§ **WHAT TO DO**
Repeat the listing word for word. No pictures belong in the copy.

··· DATA FOR PROCESSING ···

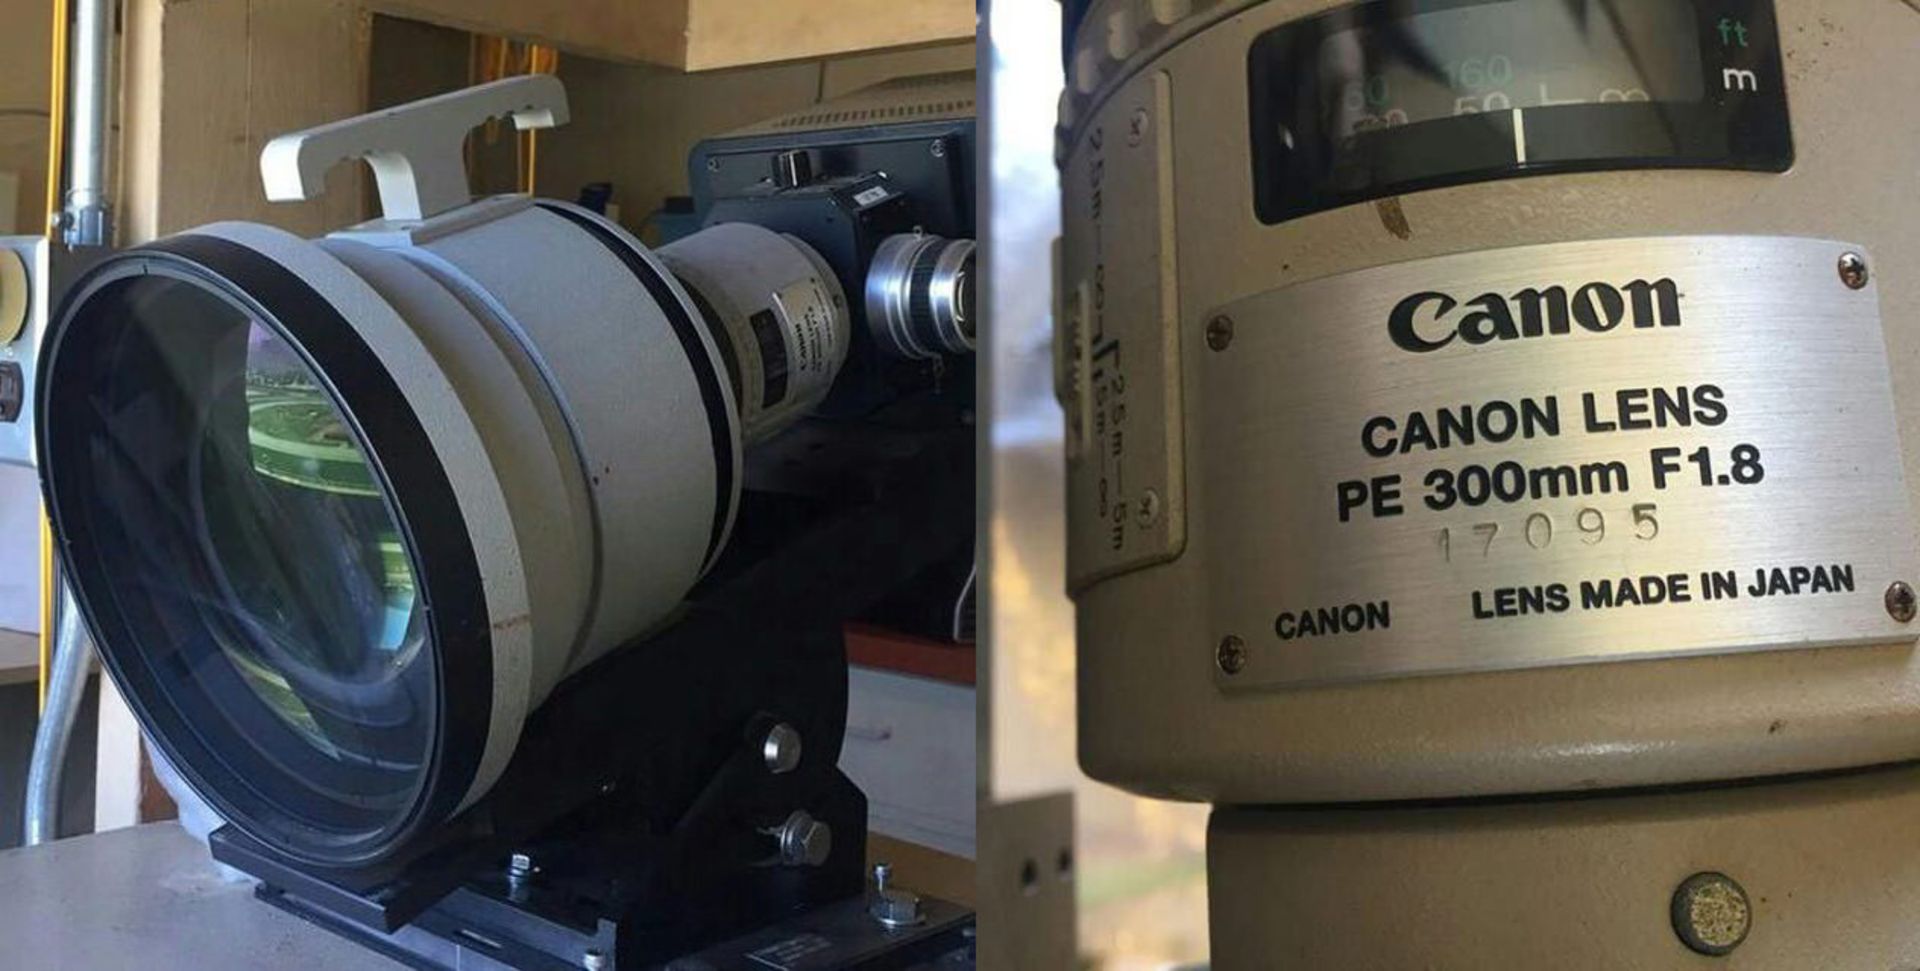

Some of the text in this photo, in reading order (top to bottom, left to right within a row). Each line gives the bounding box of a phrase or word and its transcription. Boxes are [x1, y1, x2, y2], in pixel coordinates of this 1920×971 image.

[1717, 18, 1749, 47] ft
[1722, 68, 1757, 92] m
[1386, 276, 1683, 354] Canon
[1360, 383, 1729, 458] CANON LENS
[1337, 442, 1765, 522] PE 300mm F1.8
[1437, 502, 1659, 563] 17095
[1274, 563, 1856, 641] CANON LENS MADE IN JAPAN

···

§ **EXERCISE SOLUTION**
Some of the text in this photo, in reading order (top to bottom, left to right within a row). Each line gives the bounding box of a phrase or word and its transcription. Boxes are [x1, y1, x2, y2], in pixel coordinates of this 1920×971 image.

[1717, 18, 1749, 47] ft
[1722, 68, 1757, 92] m
[1386, 276, 1683, 354] Canon
[1360, 383, 1729, 458] CANON LENS
[1337, 442, 1765, 522] PE 300mm F1.8
[1437, 502, 1659, 563] 17095
[1274, 563, 1856, 641] CANON LENS MADE IN JAPAN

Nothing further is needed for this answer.